Once upon a time I worked in a school that did not have a counselor, which was a temporary situation. As you can imagine this school had some major challenges with wellbeing. I did not know this at the time. It was very early in my career and I was not surrounded by people who knew that either. In our school we were running the International Baccaulareate Diploma Programme, which is a very rigorous program by any metric. I was living in a Middle Eastern country and most of the students in the graduating class were from that local context. In fact there was only one student not from this country in the class. He was from somewhere in Latin America.
He was also one of the most intelligent students I have had the pleasure to work with. He was designing train systems in 10th grade, solving problems and being a great member of our future society. He had the potential to be a top student in any school. Until he didn’t… He did not experience an authentic sense of belonging in this school, and he had a very difficult time accessing belonging at this point in his life.
He became depressed. Not just a little depressed, but actually suicidal depressed. It appeared to me that he wanted to end his life. Now I have had some experience with this. I worked in inclusive education in the US and met quite a few depressed students who were slightly suicidal. But I had never quite experienced anything like this situation. Without a counselor, I was stuck. I didn’t quite know what to do.
The only thing I could do was tell his mother she had to stay in the school and help us monitor him throughout the day-basically putting him on suicide watch.
I, of course, was a nervous wreck each and every day I went to school. “Where is he?” I would ask. “Is he OK?” I would ponder. Indeed he was and he made it through the year. He graduated and received a diploma from the IB. Then he went back to Latin America to attend some university somewhere. Hopefully, he went on to be most successful.
This story is very embarrassing for me. It was very difficult for me to deal with this situation and it did spark something in me to create change later in my career. I became obsessed with psychology and the role it plays in change and growth in education. I became obsessed with helping students belong.

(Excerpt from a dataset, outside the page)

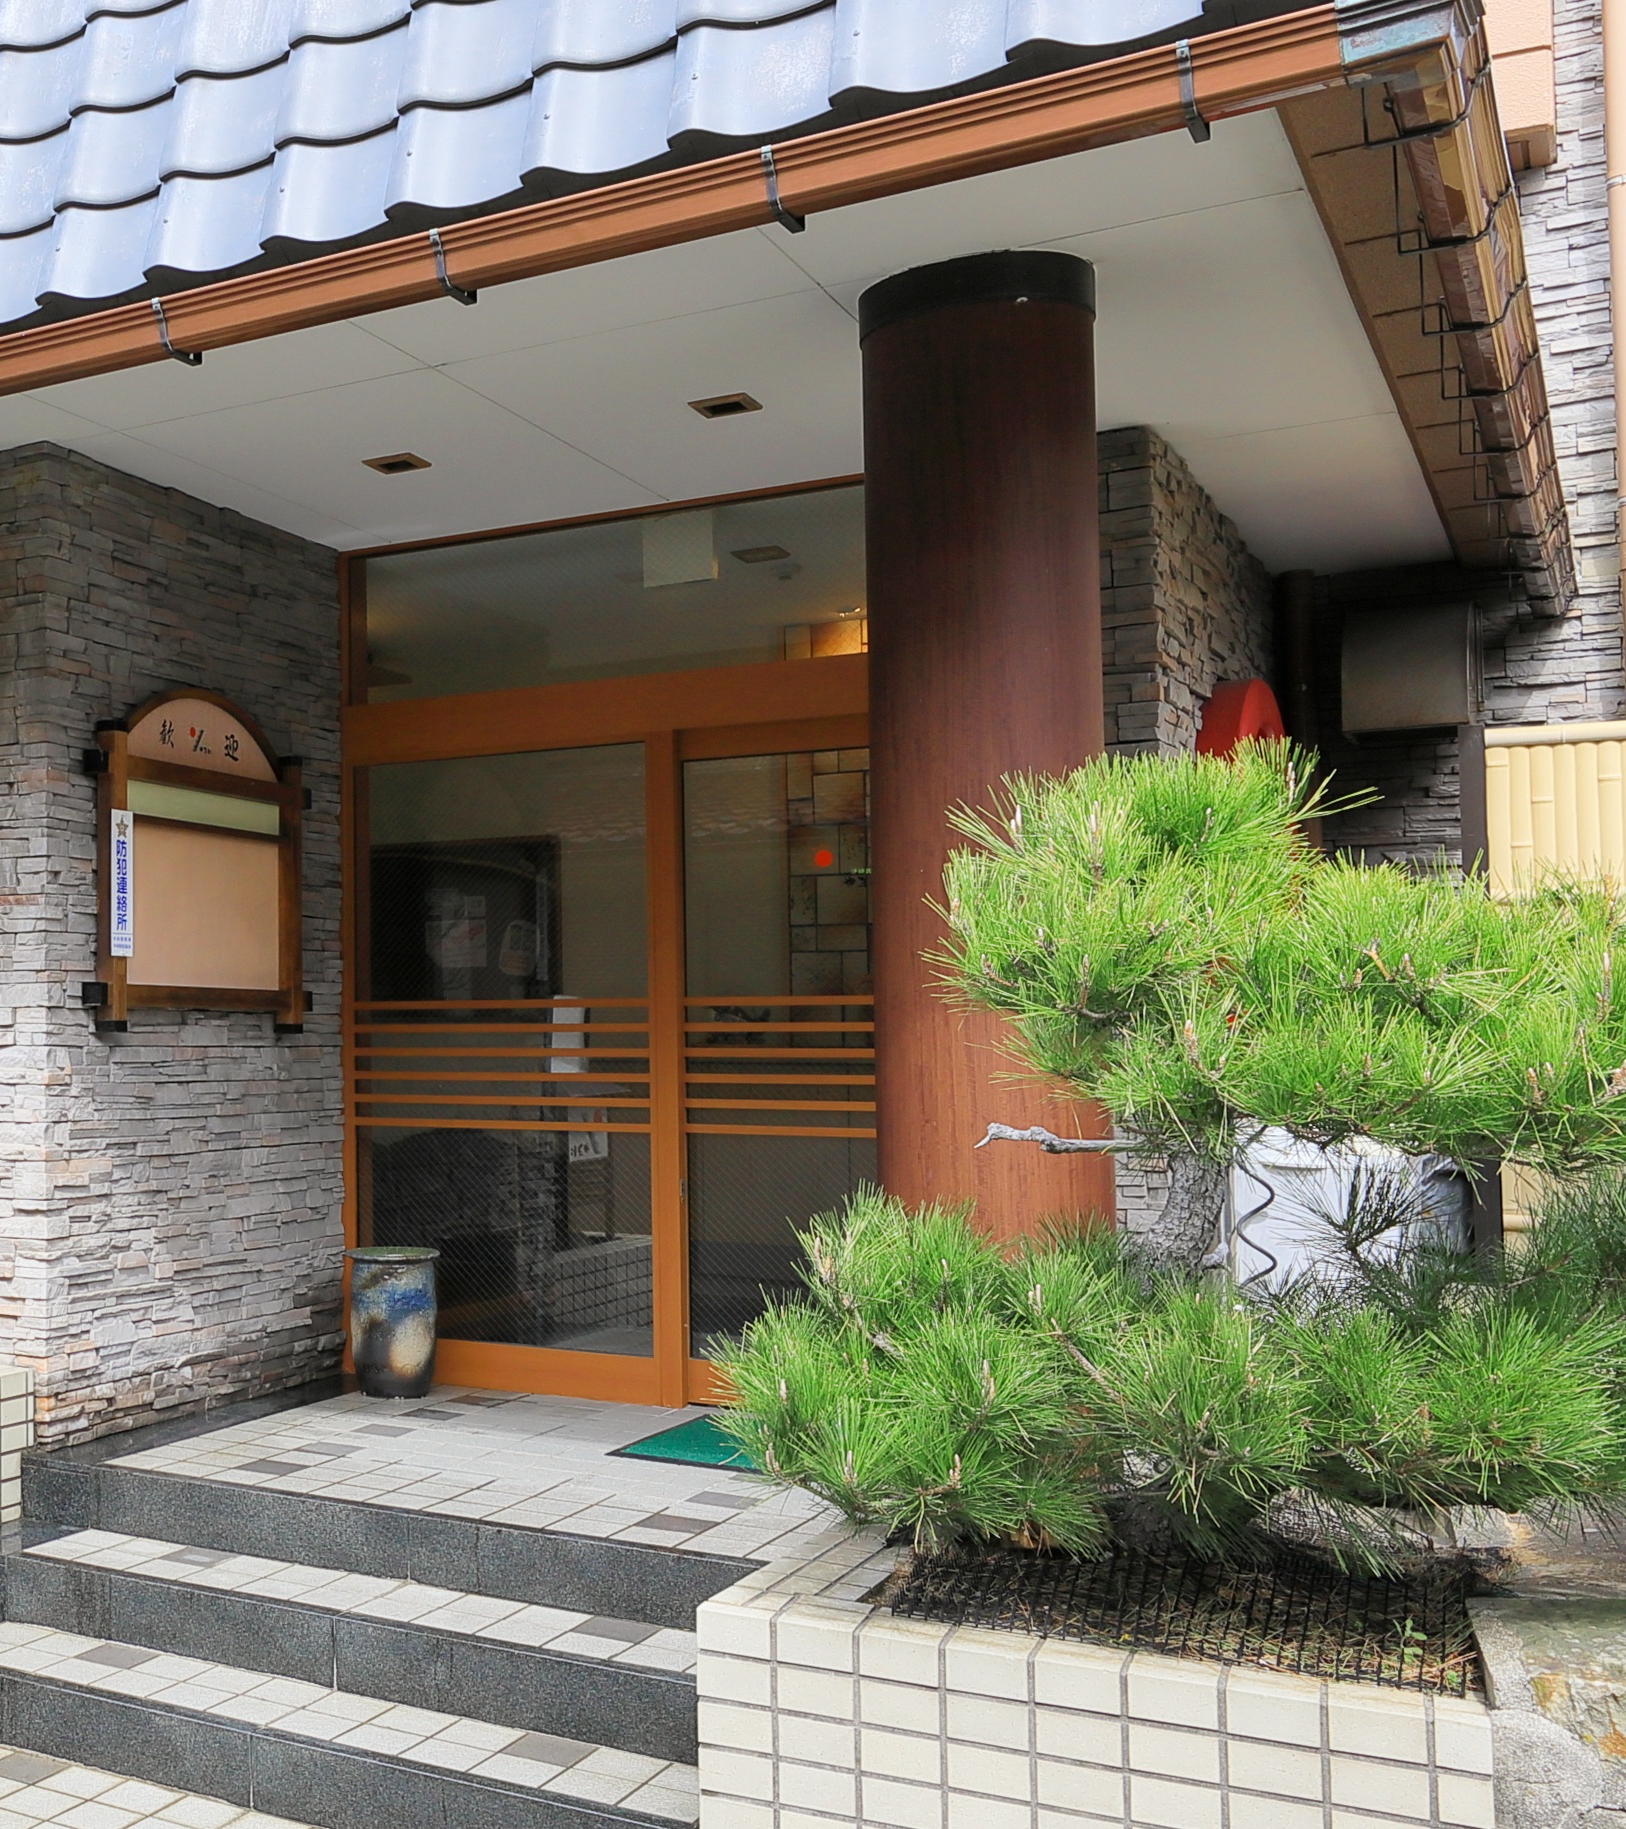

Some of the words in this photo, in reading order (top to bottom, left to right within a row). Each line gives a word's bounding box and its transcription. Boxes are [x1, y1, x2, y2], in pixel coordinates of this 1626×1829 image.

[116, 839, 128, 931] 防犯連絡所
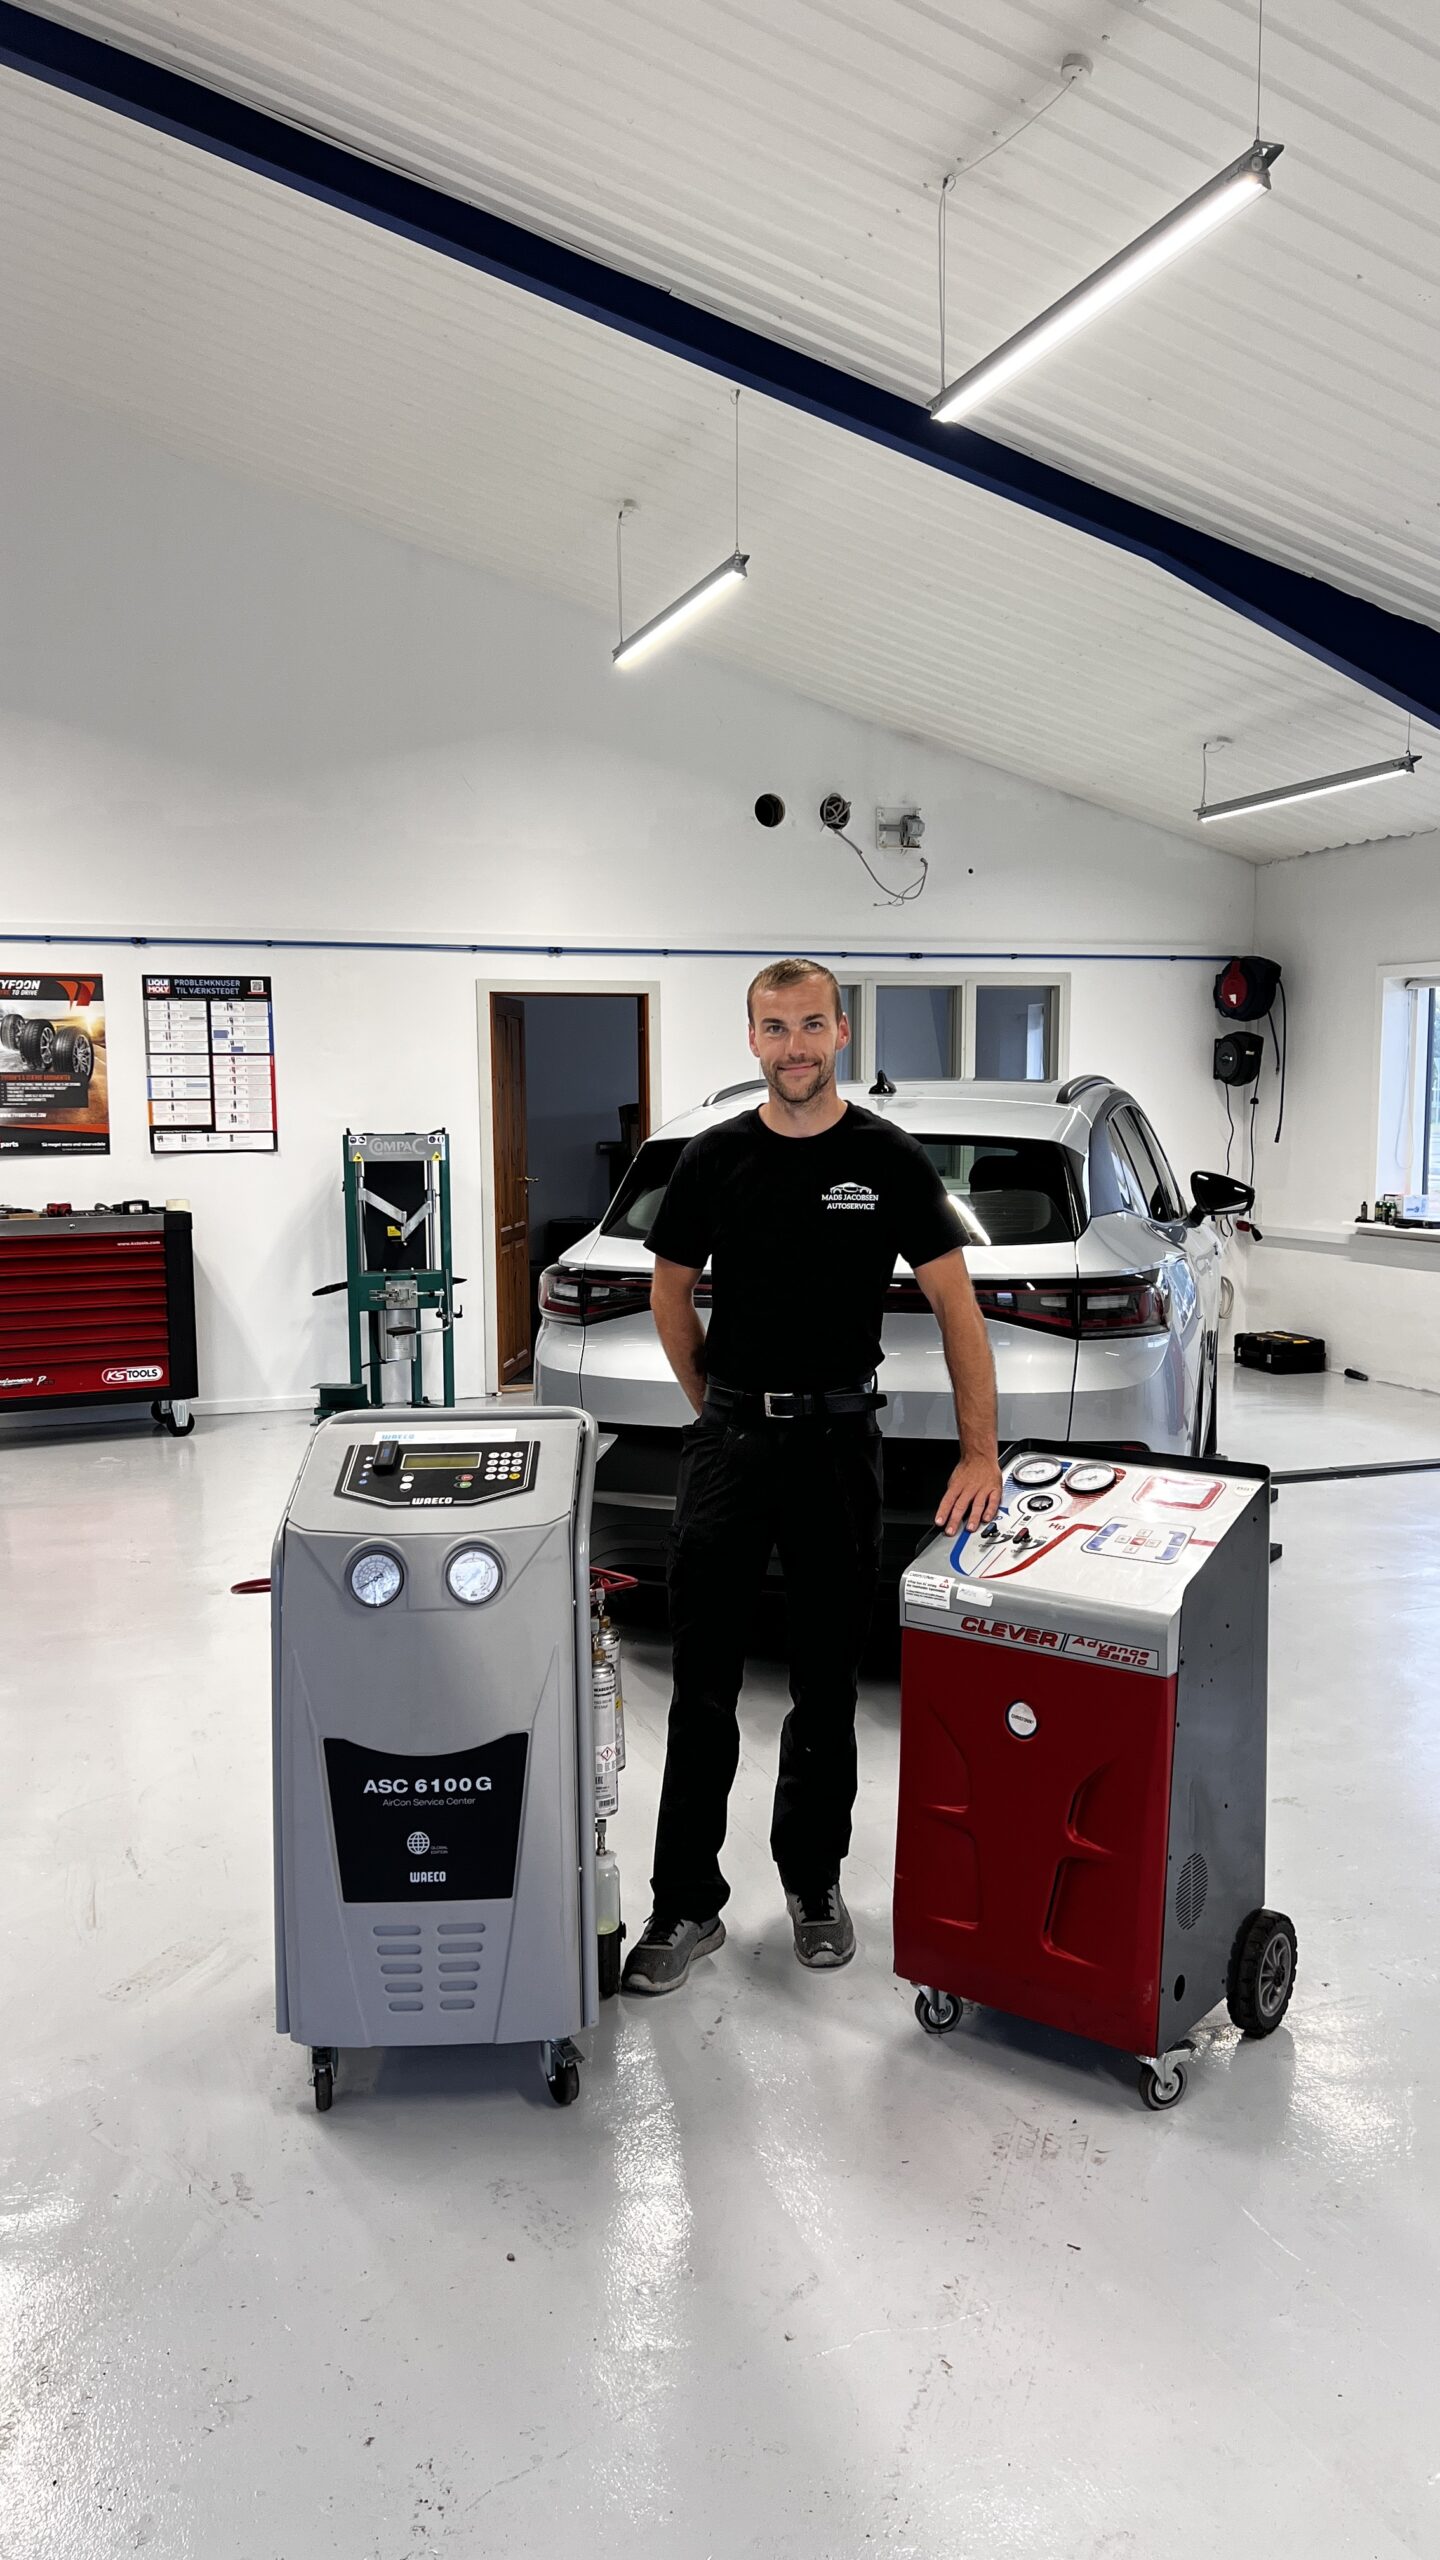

I call this young person Student X. I look at him now as the singularity, which changed my trajectory in education. I was never a person worried about mindfulness or wellbeing or belonging. These were simply not words that I grew up with, but now I’m grateful we can speak about them with intention and purpose.
I wonder what it would have been like for him if I could have understood him better. If I could give him the tree protocol. If I could help him connect with himself and others. Then I realize I’m looking at myself as a young man wondering the same thing. This is where my responsibility comes from. The passion to connect with the self and to teach others how to do the same grew from these experiences with Student X.
It was instructive here to think about helping students and teachers deal with stress. I found that life provided enough stress, and it could be helpful for many of us to think about providing programs, which de-stress students. The main cause of this student’s stress was not the considerable amounts of work found in the DP. It was because he did not feel a sense of belonging, which caused him to lose his sense of self efficacy. Our mandate is to build programs that help students like Student X feel as if they belong. A student that feels confident in who they are, is connected to the community, and feels comfortable being themselves is a student who can find success even in high stress situations.
So where does this start? Who’s responsibility is this? Let’s ponder the question together as we navigate our own seas of change.